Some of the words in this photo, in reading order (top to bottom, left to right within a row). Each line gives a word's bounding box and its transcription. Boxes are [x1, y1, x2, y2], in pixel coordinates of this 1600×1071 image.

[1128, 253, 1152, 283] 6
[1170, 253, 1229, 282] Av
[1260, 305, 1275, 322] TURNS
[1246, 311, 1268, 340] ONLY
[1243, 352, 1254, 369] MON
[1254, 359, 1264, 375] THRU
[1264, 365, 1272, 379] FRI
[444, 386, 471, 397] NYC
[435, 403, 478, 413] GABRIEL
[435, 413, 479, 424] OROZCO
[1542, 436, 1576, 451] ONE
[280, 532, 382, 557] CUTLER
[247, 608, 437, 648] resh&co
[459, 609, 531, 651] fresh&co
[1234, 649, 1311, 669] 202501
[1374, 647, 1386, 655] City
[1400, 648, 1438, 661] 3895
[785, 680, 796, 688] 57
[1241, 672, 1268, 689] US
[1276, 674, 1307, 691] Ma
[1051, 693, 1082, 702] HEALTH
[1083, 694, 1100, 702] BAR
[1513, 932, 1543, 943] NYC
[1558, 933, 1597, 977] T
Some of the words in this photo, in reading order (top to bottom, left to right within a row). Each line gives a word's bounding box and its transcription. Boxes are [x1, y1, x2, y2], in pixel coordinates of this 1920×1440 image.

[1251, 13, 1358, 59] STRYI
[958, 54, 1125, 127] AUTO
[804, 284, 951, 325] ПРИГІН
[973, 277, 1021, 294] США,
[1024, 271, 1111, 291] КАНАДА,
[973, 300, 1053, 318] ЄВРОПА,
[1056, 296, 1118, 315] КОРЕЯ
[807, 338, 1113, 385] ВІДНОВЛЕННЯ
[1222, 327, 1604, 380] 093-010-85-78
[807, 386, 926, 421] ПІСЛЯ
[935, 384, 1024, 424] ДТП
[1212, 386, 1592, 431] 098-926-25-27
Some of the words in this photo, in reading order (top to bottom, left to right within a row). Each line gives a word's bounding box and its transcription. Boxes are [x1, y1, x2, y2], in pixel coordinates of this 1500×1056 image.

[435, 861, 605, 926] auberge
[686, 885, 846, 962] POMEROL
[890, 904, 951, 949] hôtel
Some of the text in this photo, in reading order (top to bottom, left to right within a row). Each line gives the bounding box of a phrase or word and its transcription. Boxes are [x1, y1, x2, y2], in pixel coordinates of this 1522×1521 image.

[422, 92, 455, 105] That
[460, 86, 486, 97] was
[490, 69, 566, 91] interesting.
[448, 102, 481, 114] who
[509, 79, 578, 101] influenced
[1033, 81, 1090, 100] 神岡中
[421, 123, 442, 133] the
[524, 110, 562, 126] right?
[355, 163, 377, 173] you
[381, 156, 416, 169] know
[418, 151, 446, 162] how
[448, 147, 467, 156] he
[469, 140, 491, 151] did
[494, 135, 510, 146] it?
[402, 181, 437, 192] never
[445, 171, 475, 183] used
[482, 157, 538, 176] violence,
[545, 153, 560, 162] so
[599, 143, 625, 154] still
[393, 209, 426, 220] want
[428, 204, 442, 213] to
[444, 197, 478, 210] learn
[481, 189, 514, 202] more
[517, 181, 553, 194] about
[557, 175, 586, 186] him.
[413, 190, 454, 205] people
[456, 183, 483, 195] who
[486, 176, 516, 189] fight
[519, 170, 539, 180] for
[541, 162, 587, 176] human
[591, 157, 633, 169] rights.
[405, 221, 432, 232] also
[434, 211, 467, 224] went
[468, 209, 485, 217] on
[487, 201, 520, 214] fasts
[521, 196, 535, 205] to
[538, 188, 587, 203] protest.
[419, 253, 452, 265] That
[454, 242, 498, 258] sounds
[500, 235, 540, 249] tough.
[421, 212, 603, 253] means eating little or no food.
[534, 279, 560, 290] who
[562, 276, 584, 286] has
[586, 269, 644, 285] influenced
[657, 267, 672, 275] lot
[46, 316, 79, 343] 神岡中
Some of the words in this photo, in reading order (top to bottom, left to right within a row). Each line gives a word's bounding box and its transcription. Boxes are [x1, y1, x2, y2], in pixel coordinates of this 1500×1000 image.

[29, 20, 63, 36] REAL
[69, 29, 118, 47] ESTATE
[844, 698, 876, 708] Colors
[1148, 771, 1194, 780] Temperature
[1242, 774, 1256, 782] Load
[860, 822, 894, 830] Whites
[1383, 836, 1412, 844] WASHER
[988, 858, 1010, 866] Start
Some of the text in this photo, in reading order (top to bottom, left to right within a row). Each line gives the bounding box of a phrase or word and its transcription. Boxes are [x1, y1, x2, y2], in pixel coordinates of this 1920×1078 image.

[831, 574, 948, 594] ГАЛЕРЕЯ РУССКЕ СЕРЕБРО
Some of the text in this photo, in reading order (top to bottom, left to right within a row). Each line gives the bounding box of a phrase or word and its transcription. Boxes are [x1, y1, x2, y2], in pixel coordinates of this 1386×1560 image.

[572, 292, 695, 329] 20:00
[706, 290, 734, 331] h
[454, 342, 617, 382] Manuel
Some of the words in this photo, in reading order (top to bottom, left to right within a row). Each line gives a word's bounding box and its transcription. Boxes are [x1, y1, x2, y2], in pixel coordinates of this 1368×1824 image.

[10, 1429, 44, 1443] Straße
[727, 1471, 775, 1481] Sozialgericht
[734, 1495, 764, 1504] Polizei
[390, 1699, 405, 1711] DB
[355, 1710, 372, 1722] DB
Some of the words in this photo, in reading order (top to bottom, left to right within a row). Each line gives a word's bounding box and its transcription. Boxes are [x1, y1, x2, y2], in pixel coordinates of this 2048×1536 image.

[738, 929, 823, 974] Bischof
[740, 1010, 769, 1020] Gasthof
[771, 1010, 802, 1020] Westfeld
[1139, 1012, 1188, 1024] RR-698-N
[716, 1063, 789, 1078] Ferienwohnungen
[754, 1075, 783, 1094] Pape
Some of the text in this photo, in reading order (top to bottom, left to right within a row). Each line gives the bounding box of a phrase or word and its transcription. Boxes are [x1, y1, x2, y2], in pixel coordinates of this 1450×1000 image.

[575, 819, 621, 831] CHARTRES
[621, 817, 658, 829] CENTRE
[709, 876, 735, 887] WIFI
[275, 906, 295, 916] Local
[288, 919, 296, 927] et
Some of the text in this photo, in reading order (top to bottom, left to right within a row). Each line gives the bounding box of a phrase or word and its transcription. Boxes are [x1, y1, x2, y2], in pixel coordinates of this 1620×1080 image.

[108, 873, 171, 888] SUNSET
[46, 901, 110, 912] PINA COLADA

○ ○ ○ ○ ○

=== Exercise prompt ===
Output an exact copy of each record.

=== Exercise result ===
Some of the words in this photo, in reading order (top to bottom, left to right within a row). Each line gives a word's bounding box and its transcription. Boxes are [x1, y1, x2, y2], in pixel coordinates of this 1600×1071 image.

[1128, 253, 1152, 283] 6
[1170, 253, 1229, 282] Av
[1260, 305, 1275, 322] TURNS
[1246, 311, 1268, 340] ONLY
[1243, 352, 1254, 369] MON
[1254, 359, 1264, 375] THRU
[1264, 365, 1272, 379] FRI
[444, 386, 471, 397] NYC
[435, 403, 478, 413] GABRIEL
[435, 413, 479, 424] OROZCO
[1542, 436, 1576, 451] ONE
[280, 532, 382, 557] CUTLER
[247, 608, 437, 648] resh&co
[459, 609, 531, 651] fresh&co
[1234, 649, 1311, 669] 202501
[1374, 647, 1386, 655] City
[1400, 648, 1438, 661] 3895
[785, 680, 796, 688] 57
[1241, 672, 1268, 689] US
[1276, 674, 1307, 691] Ma
[1051, 693, 1082, 702] HEALTH
[1083, 694, 1100, 702] BAR
[1513, 932, 1543, 943] NYC
[1558, 933, 1597, 977] T
Some of the words in this photo, in reading order (top to bottom, left to right within a row). Each line gives a word's bounding box and its transcription. Boxes are [x1, y1, x2, y2], in pixel coordinates of this 1920×1440 image.

[1251, 13, 1358, 59] STRYI
[958, 54, 1125, 127] AUTO
[804, 284, 951, 325] ПРИГІН
[973, 277, 1021, 294] США,
[1024, 271, 1111, 291] КАНАДА,
[973, 300, 1053, 318] ЄВРОПА,
[1056, 296, 1118, 315] КОРЕЯ
[807, 338, 1113, 385] ВІДНОВЛЕННЯ
[1222, 327, 1604, 380] 093-010-85-78
[807, 386, 926, 421] ПІСЛЯ
[935, 384, 1024, 424] ДТП
[1212, 386, 1592, 431] 098-926-25-27
Some of the words in this photo, in reading order (top to bottom, left to right within a row). Each line gives a word's bounding box and its transcription. Boxes are [x1, y1, x2, y2], in pixel coordinates of this 1500×1056 image.

[435, 861, 605, 926] auberge
[686, 885, 846, 962] POMEROL
[890, 904, 951, 949] hôtel
Some of the text in this photo, in reading order (top to bottom, left to right within a row). Each line gives the bounding box of a phrase or word and its transcription. Boxes are [x1, y1, x2, y2], in pixel coordinates of this 1522×1521 image.

[422, 92, 455, 105] That
[460, 86, 486, 97] was
[490, 69, 566, 91] interesting.
[448, 102, 481, 114] who
[509, 79, 578, 101] influenced
[1033, 81, 1090, 100] 神岡中
[421, 123, 442, 133] the
[524, 110, 562, 126] right?
[355, 163, 377, 173] you
[381, 156, 416, 169] know
[418, 151, 446, 162] how
[448, 147, 467, 156] he
[469, 140, 491, 151] did
[494, 135, 510, 146] it?
[402, 181, 437, 192] never
[445, 171, 475, 183] used
[482, 157, 538, 176] violence,
[545, 153, 560, 162] so
[599, 143, 625, 154] still
[393, 209, 426, 220] want
[428, 204, 442, 213] to
[444, 197, 478, 210] learn
[481, 189, 514, 202] more
[517, 181, 553, 194] about
[557, 175, 586, 186] him.
[413, 190, 454, 205] people
[456, 183, 483, 195] who
[486, 176, 516, 189] fight
[519, 170, 539, 180] for
[541, 162, 587, 176] human
[591, 157, 633, 169] rights.
[405, 221, 432, 232] also
[434, 211, 467, 224] went
[468, 209, 485, 217] on
[487, 201, 520, 214] fasts
[521, 196, 535, 205] to
[538, 188, 587, 203] protest.
[419, 253, 452, 265] That
[454, 242, 498, 258] sounds
[500, 235, 540, 249] tough.
[421, 212, 603, 253] means eating little or no food.
[534, 279, 560, 290] who
[562, 276, 584, 286] has
[586, 269, 644, 285] influenced
[657, 267, 672, 275] lot
[46, 316, 79, 343] 神岡中
Some of the words in this photo, in reading order (top to bottom, left to right within a row). Each line gives a word's bounding box and its transcription. Boxes are [x1, y1, x2, y2], in pixel coordinates of this 1500×1000 image.

[29, 20, 63, 36] REAL
[69, 29, 118, 47] ESTATE
[844, 698, 876, 708] Colors
[1148, 771, 1194, 780] Temperature
[1242, 774, 1256, 782] Load
[860, 822, 894, 830] Whites
[1383, 836, 1412, 844] WASHER
[988, 858, 1010, 866] Start
Some of the text in this photo, in reading order (top to bottom, left to right within a row). Each line gives the bounding box of a phrase or word and its transcription. Boxes are [x1, y1, x2, y2], in pixel coordinates of this 1920×1078 image.

[831, 574, 948, 594] ГАЛЕРЕЯ РУССКЕ СЕРЕБРО
Some of the text in this photo, in reading order (top to bottom, left to right within a row). Each line gives the bounding box of a phrase or word and its transcription. Boxes are [x1, y1, x2, y2], in pixel coordinates of this 1386×1560 image.

[572, 292, 695, 329] 20:00
[706, 290, 734, 331] h
[454, 342, 617, 382] Manuel
Some of the words in this photo, in reading order (top to bottom, left to right within a row). Each line gives a word's bounding box and its transcription. Boxes are [x1, y1, x2, y2], in pixel coordinates of this 1368×1824 image.

[10, 1429, 44, 1443] Straße
[727, 1471, 775, 1481] Sozialgericht
[734, 1495, 764, 1504] Polizei
[390, 1699, 405, 1711] DB
[355, 1710, 372, 1722] DB
Some of the words in this photo, in reading order (top to bottom, left to right within a row). Each line gives a word's bounding box and its transcription. Boxes are [x1, y1, x2, y2], in pixel coordinates of this 2048×1536 image.

[738, 929, 823, 974] Bischof
[740, 1010, 769, 1020] Gasthof
[771, 1010, 802, 1020] Westfeld
[1139, 1012, 1188, 1024] RR-698-N
[716, 1063, 789, 1078] Ferienwohnungen
[754, 1075, 783, 1094] Pape
Some of the text in this photo, in reading order (top to bottom, left to right within a row). Each line gives the bounding box of a phrase or word and its transcription. Boxes are [x1, y1, x2, y2], in pixel coordinates of this 1450×1000 image.

[575, 819, 621, 831] CHARTRES
[621, 817, 658, 829] CENTRE
[709, 876, 735, 887] WIFI
[275, 906, 295, 916] Local
[288, 919, 296, 927] et
Some of the text in this photo, in reading order (top to bottom, left to right within a row). Each line gives the bounding box of a phrase or word and its transcription. Boxes are [x1, y1, x2, y2], in pixel coordinates of this 1620×1080 image.

[108, 873, 171, 888] SUNSET
[46, 901, 110, 912] PINA COLADA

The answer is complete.